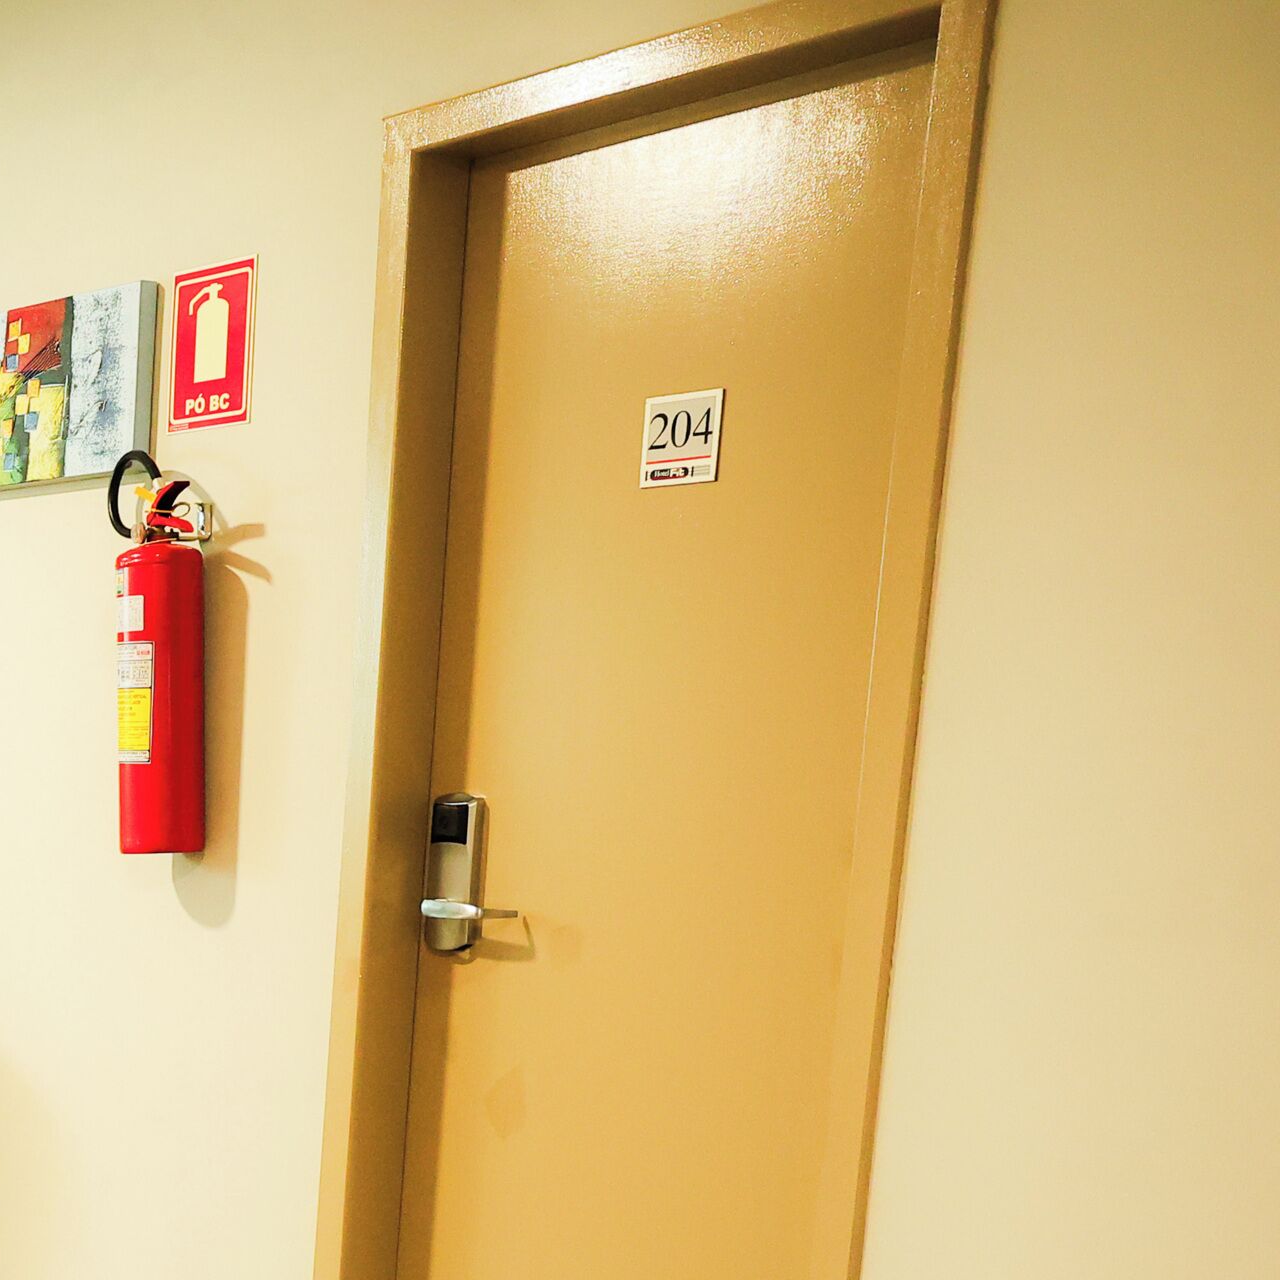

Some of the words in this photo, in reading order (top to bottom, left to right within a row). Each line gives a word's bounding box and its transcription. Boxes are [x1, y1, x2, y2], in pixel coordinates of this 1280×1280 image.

[185, 393, 205, 416] PÓ
[209, 393, 230, 412] BC
[648, 407, 713, 450] 204
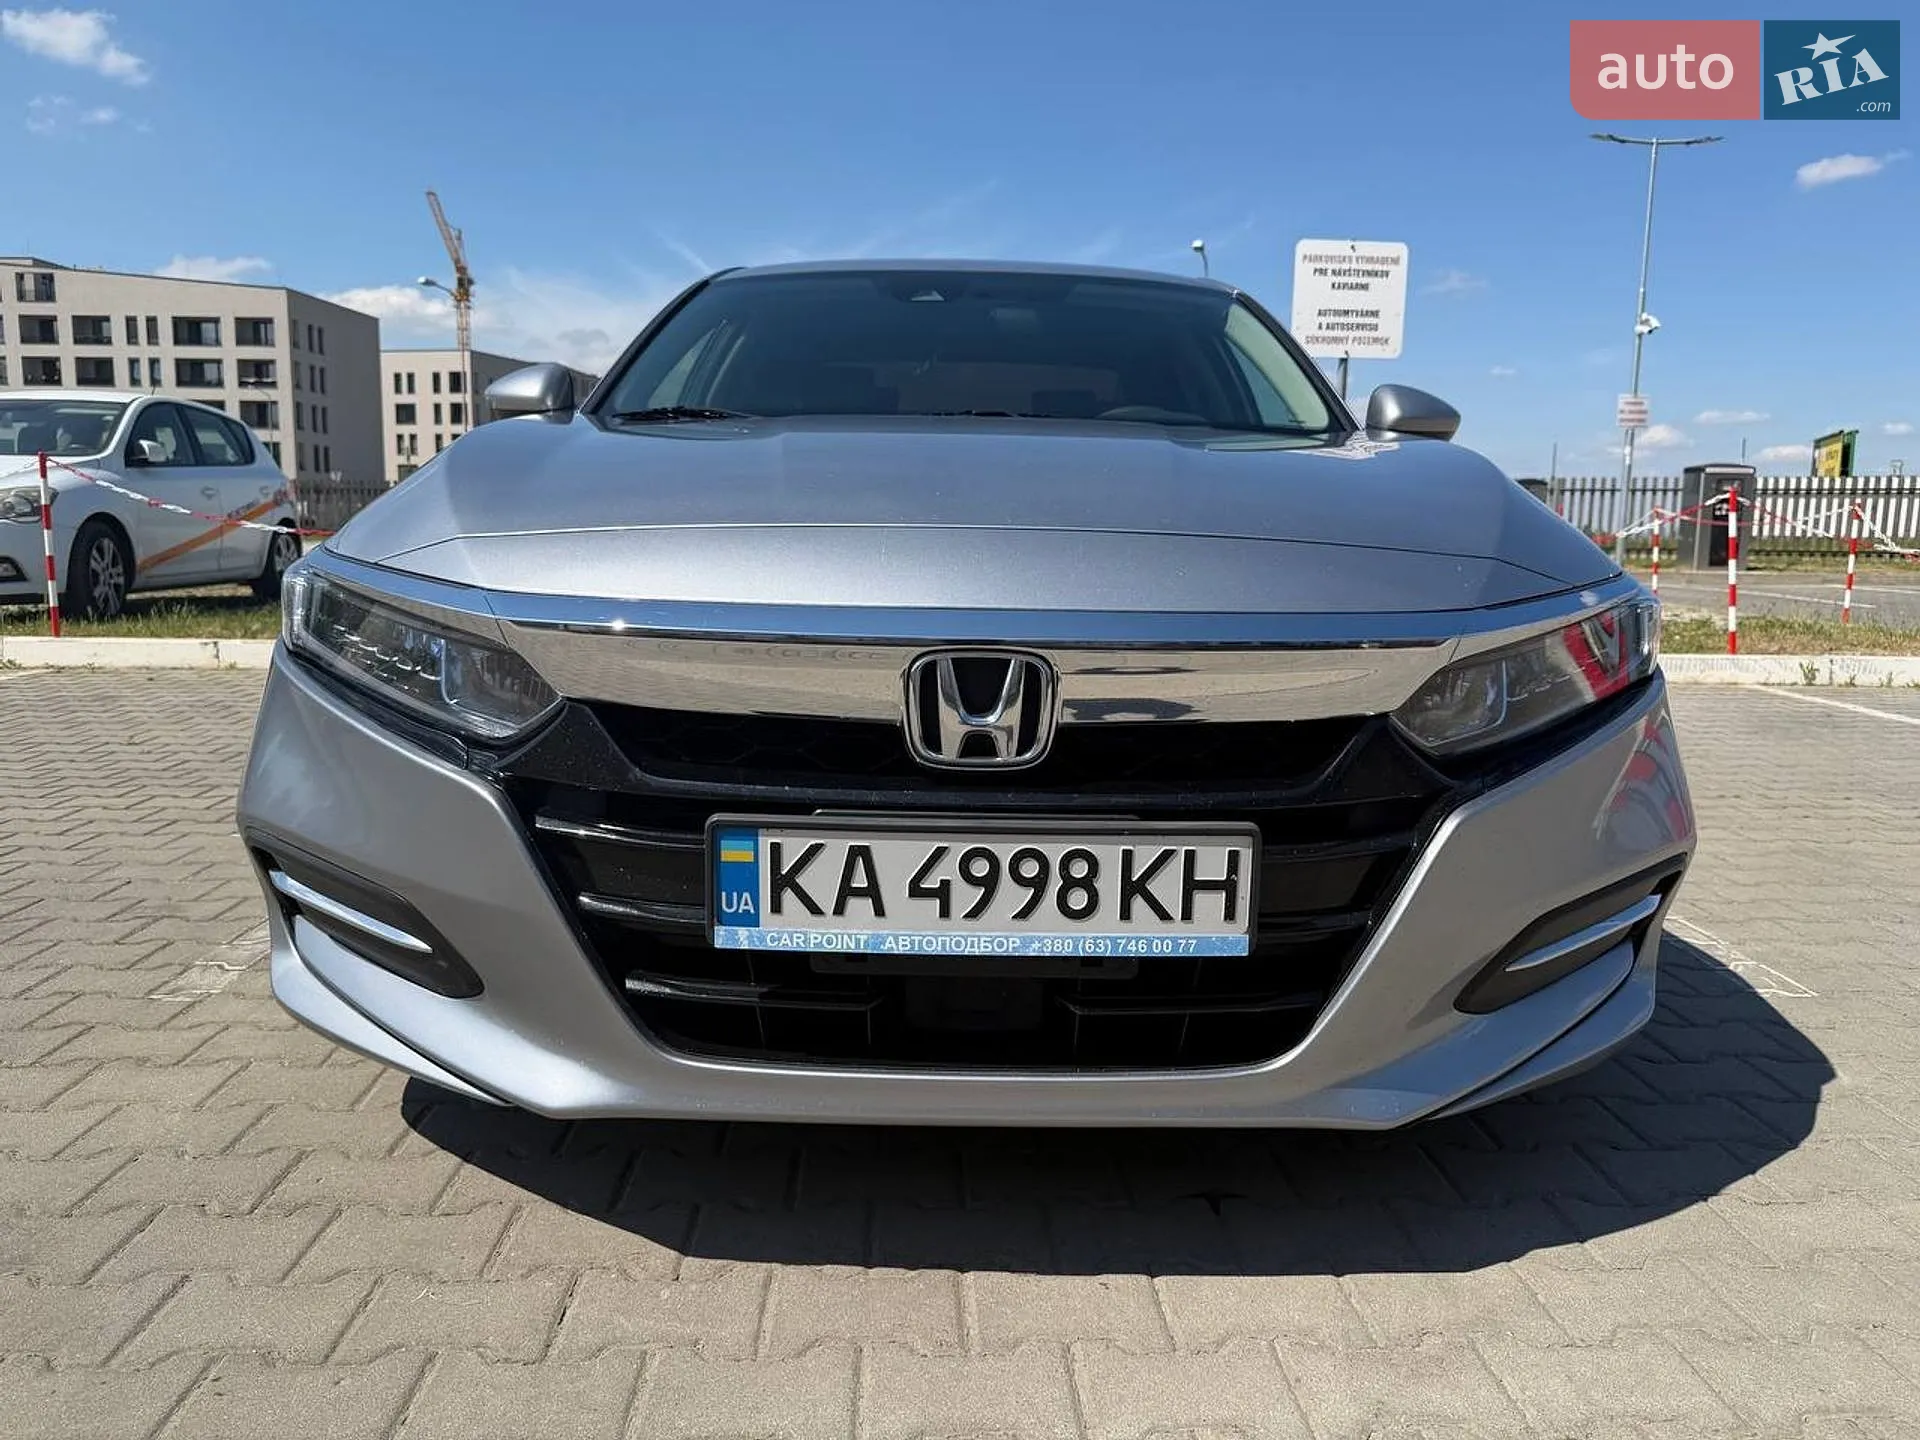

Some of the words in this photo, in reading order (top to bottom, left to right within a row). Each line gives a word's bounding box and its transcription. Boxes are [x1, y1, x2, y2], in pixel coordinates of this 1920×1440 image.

[1313, 267, 1328, 277] PRE
[1317, 322, 1323, 331] A
[1325, 322, 1378, 332] AUTOSERVISU
[768, 840, 887, 917] KA
[907, 844, 1100, 921] 4998
[1118, 847, 1241, 922] KH
[721, 891, 755, 914] UA
[766, 932, 806, 948] CAR
[809, 933, 868, 949] POINT
[884, 934, 1021, 954] АВТОПОДБОР
[1030, 938, 1074, 953] +380
[1077, 938, 1112, 955] (63)
[1116, 938, 1148, 954] 746
[1152, 939, 1173, 953] 00
[1177, 938, 1198, 954] 77

--- YOUR OBJECTIVE ---
Return the material above verbatim, minus the pictures.

--- WRITTEN RESPONSE ---
Some of the words in this photo, in reading order (top to bottom, left to right within a row). Each line gives a word's bounding box and its transcription. Boxes are [x1, y1, x2, y2], in pixel coordinates of this 1280×1280 image.

[185, 393, 205, 416] PÓ
[209, 393, 230, 412] BC
[648, 407, 713, 450] 204

Some of the words in this photo, in reading order (top to bottom, left to right within a row). Each line gives a word's bounding box and its transcription. Boxes are [x1, y1, x2, y2], in pixel coordinates of this 1920×1440 image.

[1313, 267, 1328, 277] PRE
[1317, 322, 1323, 331] A
[1325, 322, 1378, 332] AUTOSERVISU
[768, 840, 887, 917] KA
[907, 844, 1100, 921] 4998
[1118, 847, 1241, 922] KH
[721, 891, 755, 914] UA
[766, 932, 806, 948] CAR
[809, 933, 868, 949] POINT
[884, 934, 1021, 954] АВТОПОДБОР
[1030, 938, 1074, 953] +380
[1077, 938, 1112, 955] (63)
[1116, 938, 1148, 954] 746
[1152, 939, 1173, 953] 00
[1177, 938, 1198, 954] 77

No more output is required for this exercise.